DM: Exactly. Literally the first two folders I pulled from the box contained a partial outline for the novel and the original first chapter (never used). FIRST BLOOD was my debut novel. I took three years to write it. There were a lot of digressions. The first draft began with a helicopter hunting Rambo in the mountains. I wanted to begin with excitement. But I soon realized that eventually I’d need to explain what on earth was going on. So, after 40 pages, I was forced to flash back to when Rambo came to town. The excitement died. Eventually I straightened everything out and began with Rambo coming to town. The helicopter first chapter works well on its own, so both it and the partial outline went into this collector’s edition.
GP: Is it true that the original first sentence is one of your favorites?
DM: I couldn’t remember the metal box, but I definitely remembered that sentence. “The country was high and wild, thickly wooded, slashed by ravines and draws, and pocked with hollows.” It eventually appeared much later in the novel.
GP: Then you decided to include photocopies of the manuscript pages for that unused first chapter.
DM: The manuscript—typed on a manual typewriter—has a lot of handwritten changes and corrections in it. I thought that collectors would be interested in it.
GP: But that wasn’t the end of what you now remembered.
DM: Right.

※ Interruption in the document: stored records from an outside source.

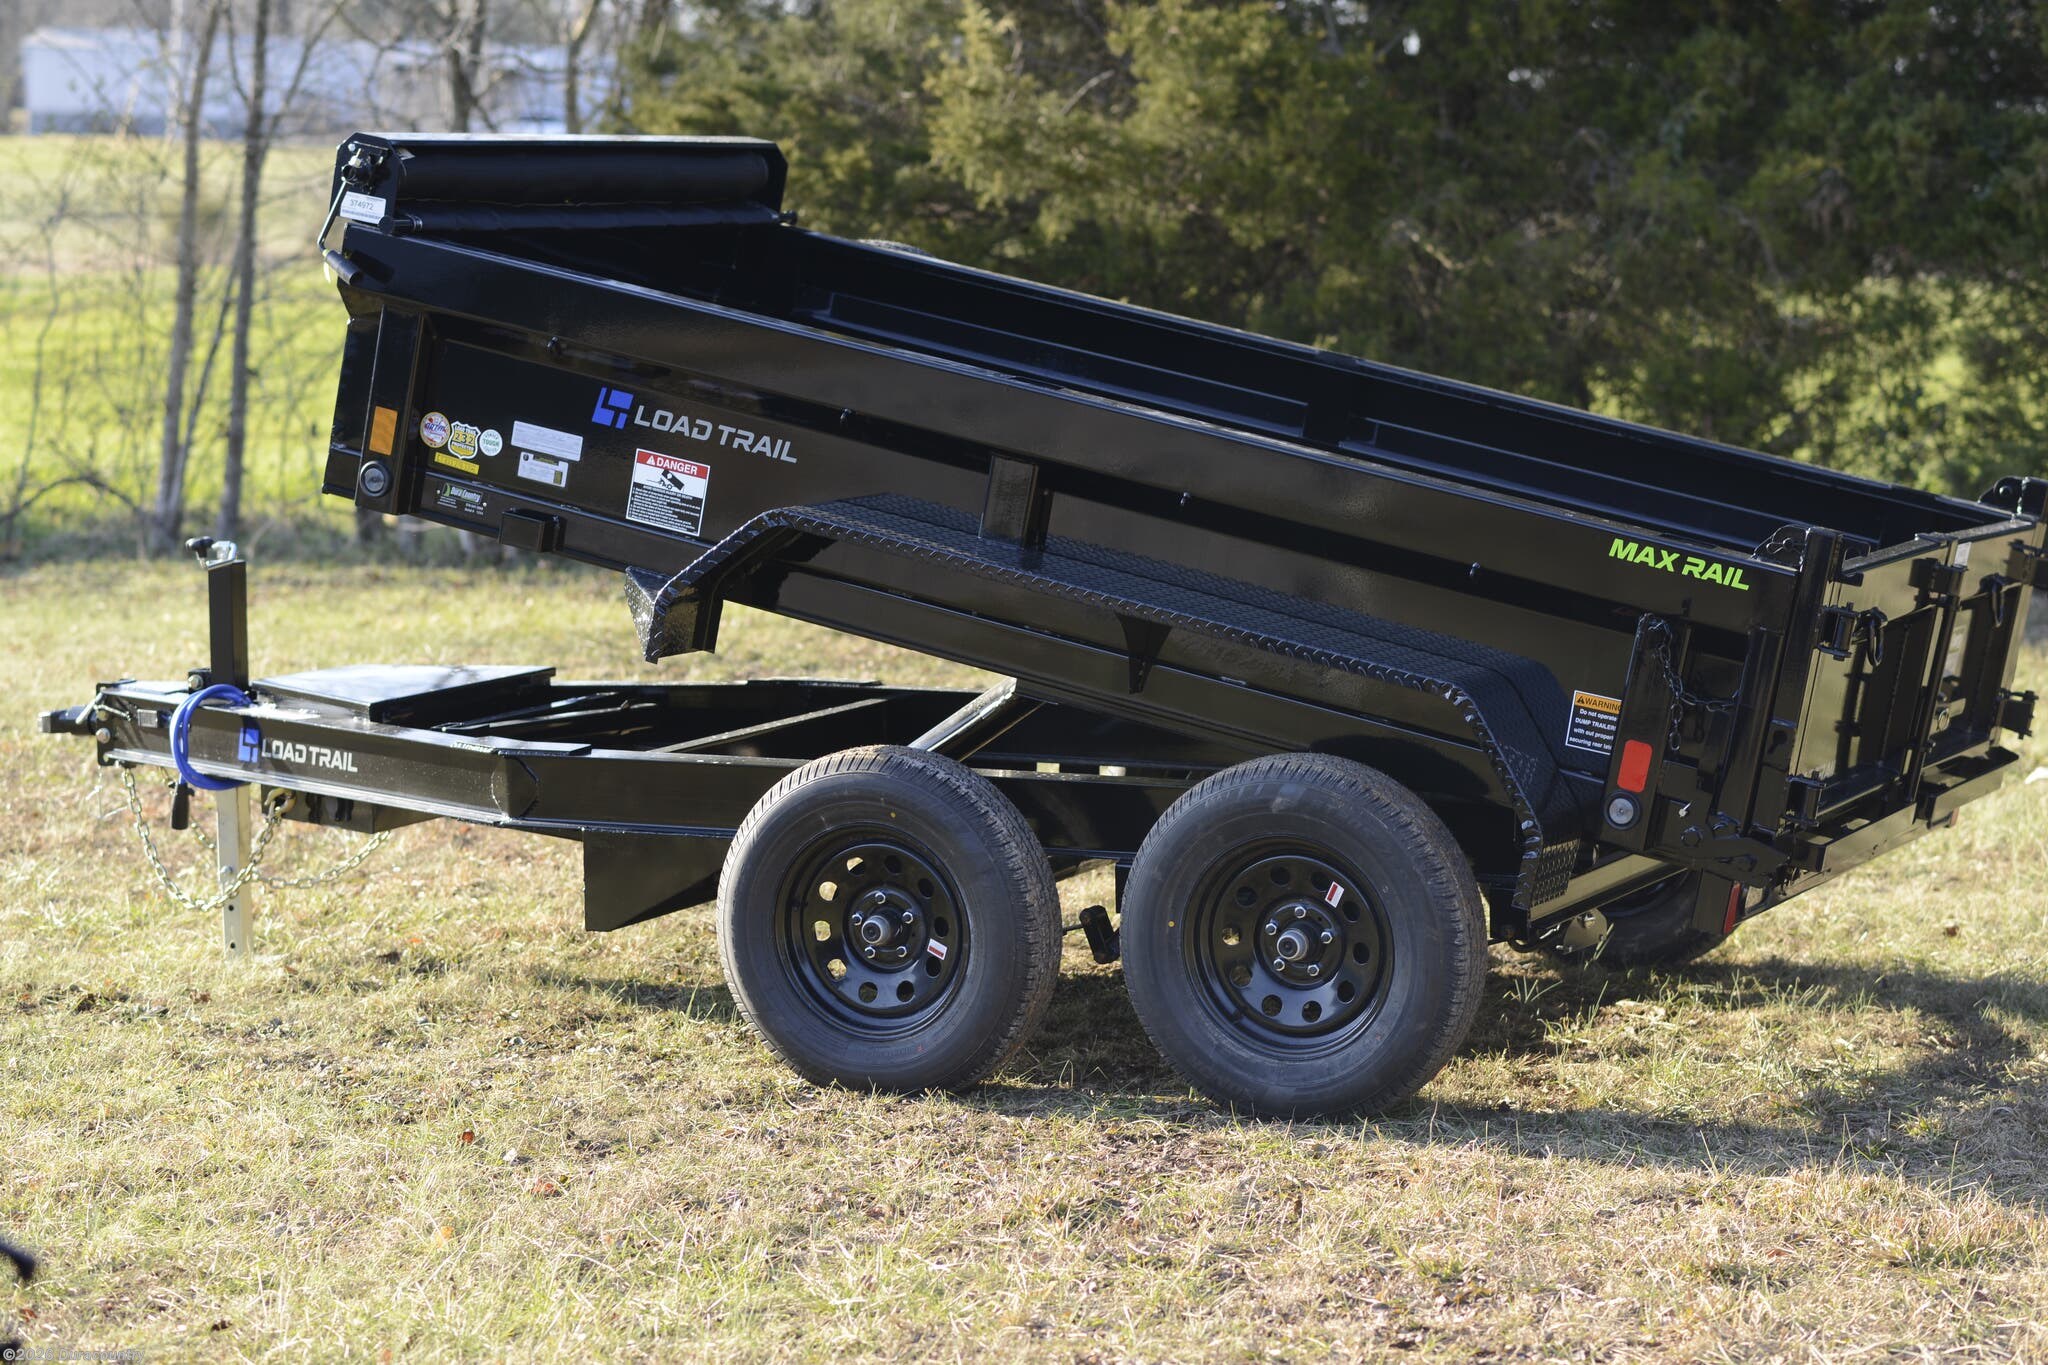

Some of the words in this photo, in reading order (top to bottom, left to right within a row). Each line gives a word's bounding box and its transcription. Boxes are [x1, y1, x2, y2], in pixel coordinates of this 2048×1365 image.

[634, 405, 713, 441] LOAD
[718, 424, 797, 464] TRAIL
[656, 457, 698, 475] DANGER
[1608, 538, 1680, 573] MAX
[1681, 556, 1750, 591] RAIL
[1575, 717, 1591, 726] DUMP
[1597, 713, 1617, 722] operate
[1569, 737, 1592, 747] securing
[261, 739, 307, 763] LOAD
[309, 745, 358, 773] TRAIL

As my memory took me back to my Penn State student years in the 1960s when I worked on the manuscript, I recalled a long-ago article that was published in The Penn Stater, the university’s alumni magazine. Written after FIRST BLOOD was published, it was called “Rambo at Penn State.” The author was John Swinton, who visited a town near Penn State—Bellefonte, PA—where he had a moment of déjà vu, believing that he’d read about the place in a novel. He soon made the connection that I used Bellefonte as the basis for the fictional town of Madison, KY. He contacted me and asked some questions. Basically the long, revealing article discusses the many central Pennsylvania connections that are hidden in the novel. He really digs into the text. I think fans of the novel will be fascinated. He even figured out that many of the characters in the novel have names taken from Penn State buildings.
GP: Speaking of names, who is Philip Klass/William Tenn, to whom FIRST BLOOD is dedicated?

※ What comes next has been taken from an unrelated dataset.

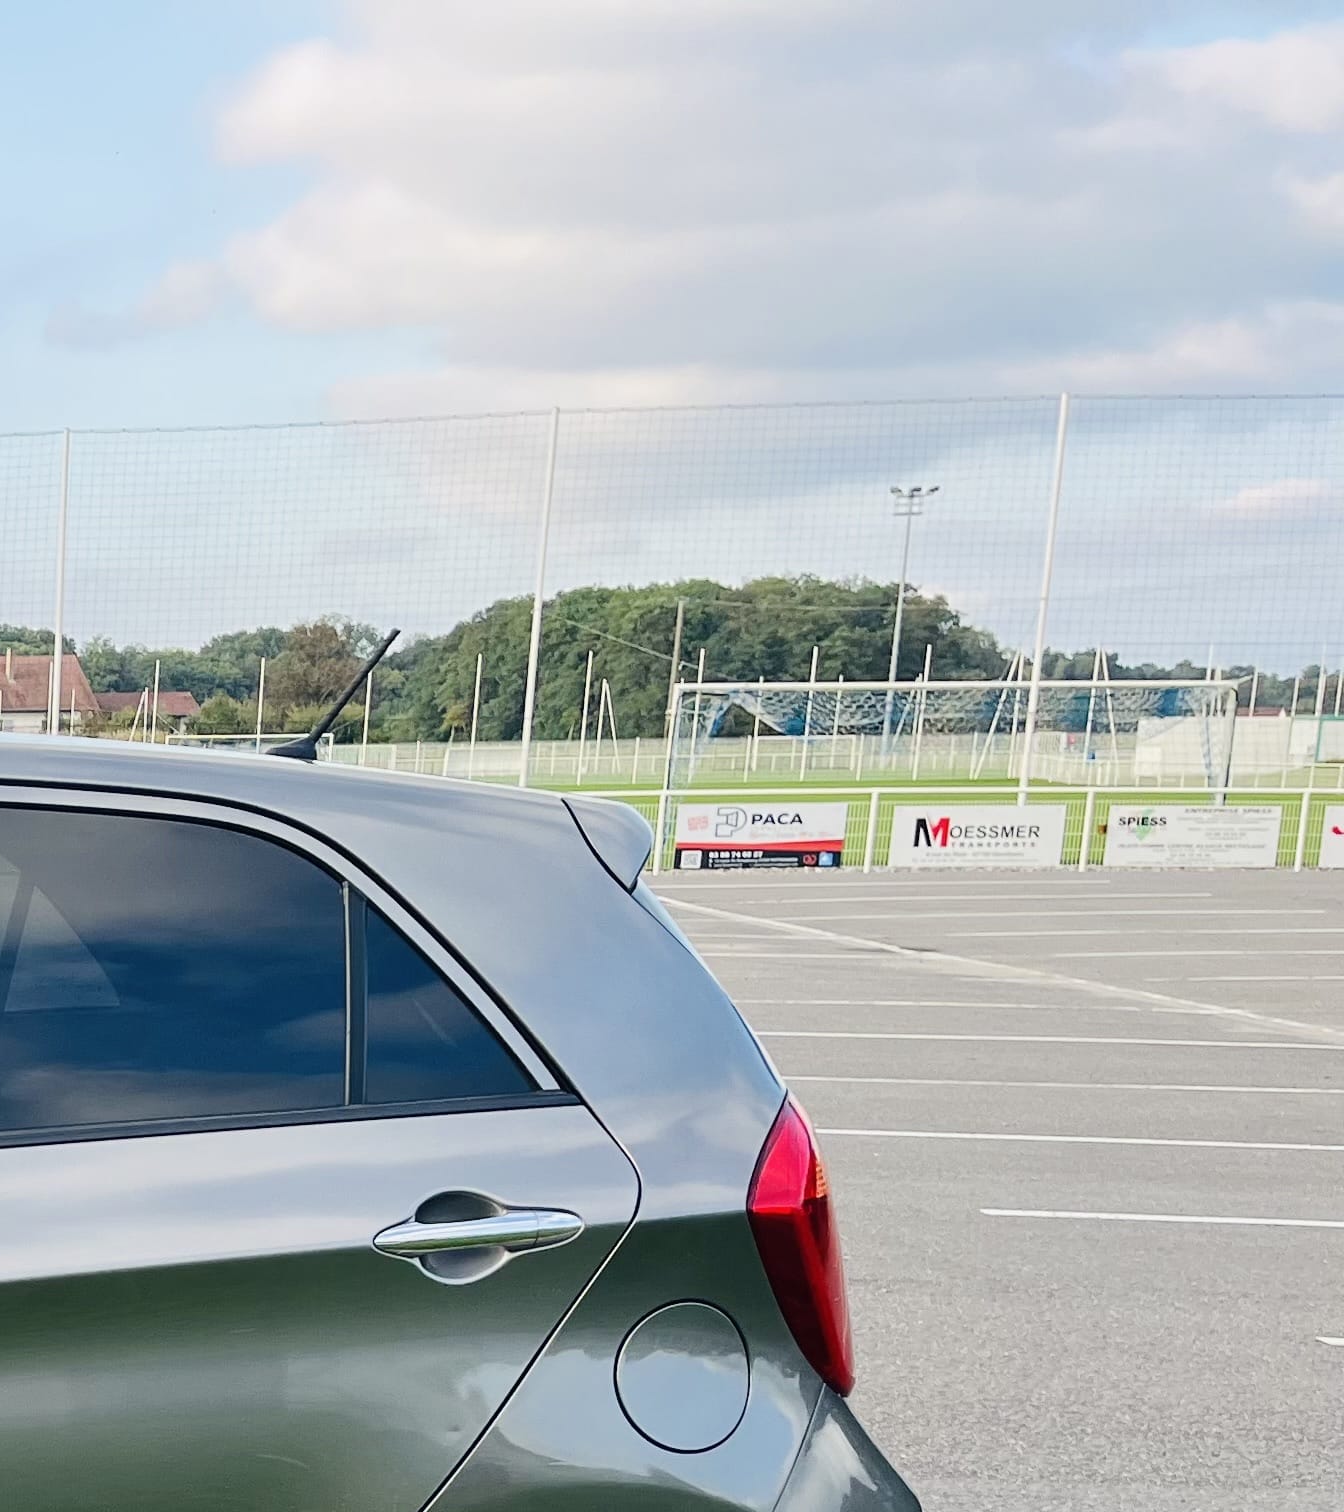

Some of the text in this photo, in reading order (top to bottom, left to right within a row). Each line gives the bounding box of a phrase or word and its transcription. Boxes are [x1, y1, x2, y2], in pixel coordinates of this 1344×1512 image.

[751, 813, 804, 825] PACA
[1118, 816, 1168, 827] SPIESS
[913, 815, 1041, 848] MOESSMER

DM: Philip Klass was a science fiction author during the Golden Age of the 1950s. His pen name was William Tenn. He was my writing teacher at Penn State in the late 1960s. In 2004, I wrote an introduction for his collected nonfiction, Dancing Naked. It’s a detailed description of how I met him and how our relationship developed and what I learned from him, so I included that essay also.
GP: Then the floodgates opened.
DM: I found another box in which I’d saved all kinds of publicity items. Kirk Douglas was originally cast as Col. Trautman in the film adaptation of FIRST BLOOD. He showed up on the set, but creative differences developed, and he left the project. I found a copy of an ad that the film company placed in Variety, showing Kirk’s name on a poster and an mage of him in costume. Clearly that needed to be included, as did some research photographs that my wife reminded me were in an old photo album. They show two places in Bellefonte that I used in the novel. One is a police station in an old school house.

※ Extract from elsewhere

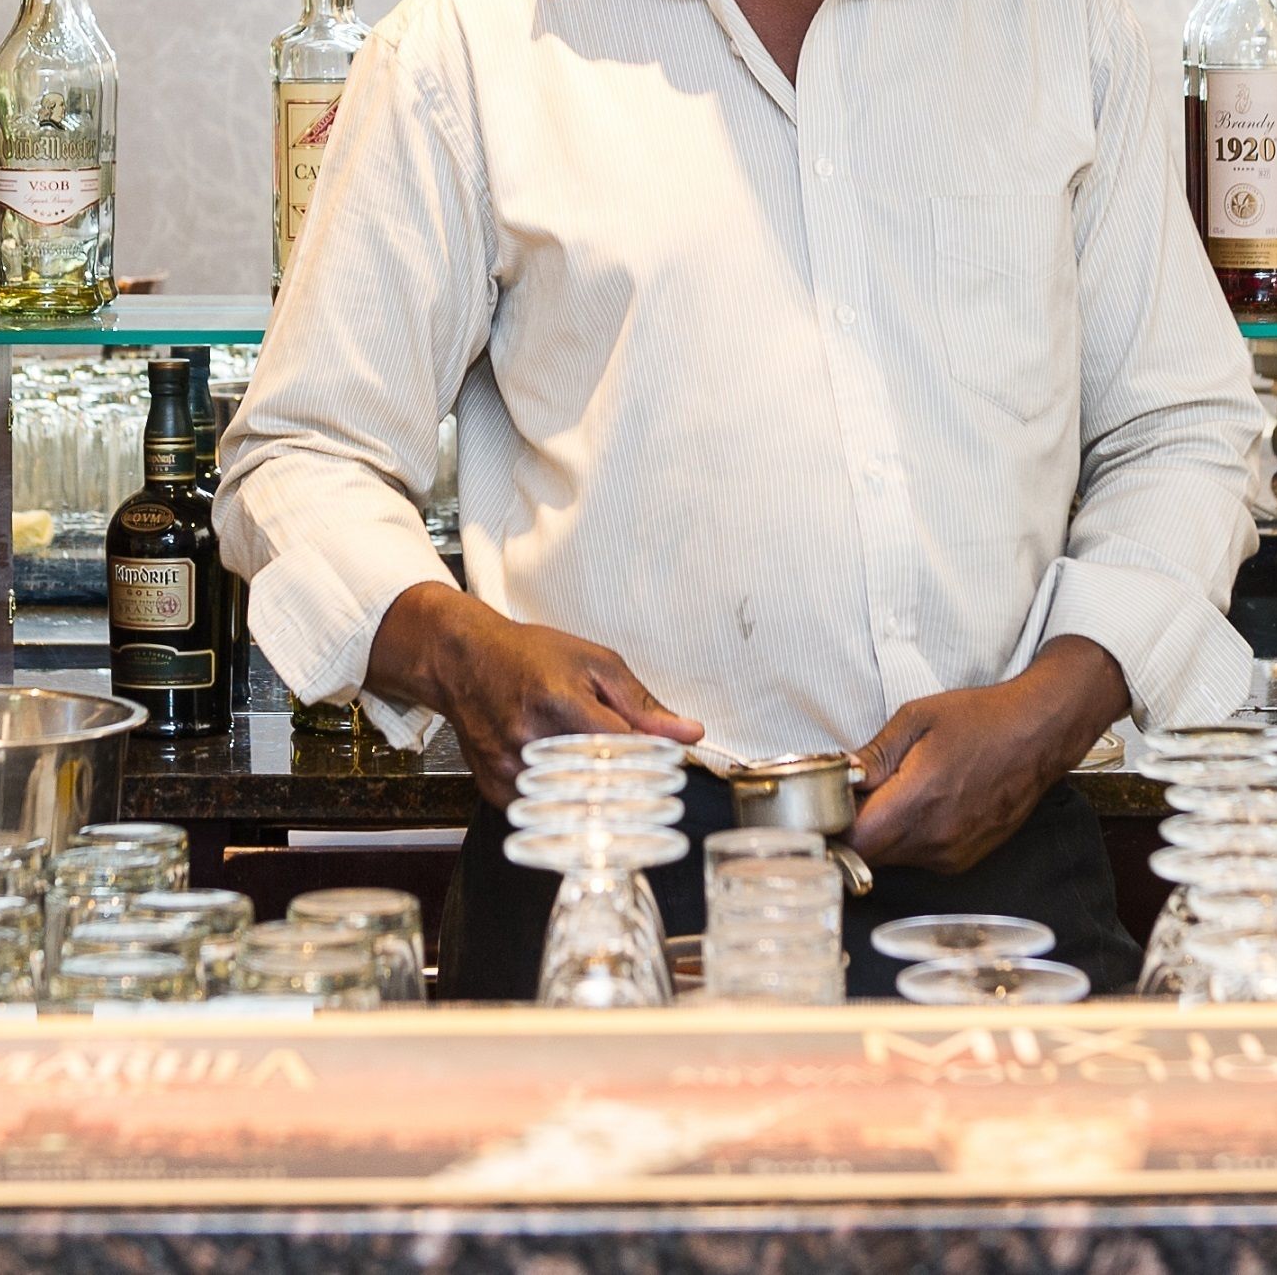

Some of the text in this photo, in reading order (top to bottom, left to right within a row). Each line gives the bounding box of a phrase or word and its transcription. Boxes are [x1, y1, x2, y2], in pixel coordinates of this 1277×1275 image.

[1214, 113, 1275, 135] Brandy
[1215, 137, 1276, 163] 1920
[126, 589, 164, 597] GOLD

GP: And there’s a Literary Guild item that shows Rambo—bearded and naked—running from the posse.
DM: In 1972. Imagine the bravery of the Literary Guild to feature an image of a naked man. I found publicity postcards, so they went into the book, and there’s a full-page Publishers Weekly ad that mentions Stanley Kramer as the producer of the film—but after the ad was published, Kramer didn’t deliver a contract or the option money, and the project then went to Richard Brooks at Columbia. I also thought it would be fun to include my favorite FIRST BLOOD covers. Some of these items are only in the lettered edition, because they’re expensive to reproduce, but the numbered edition contains plenty on its own. When I finished my discoveries, I finally satisfied myself that this was truly a collector’s edition.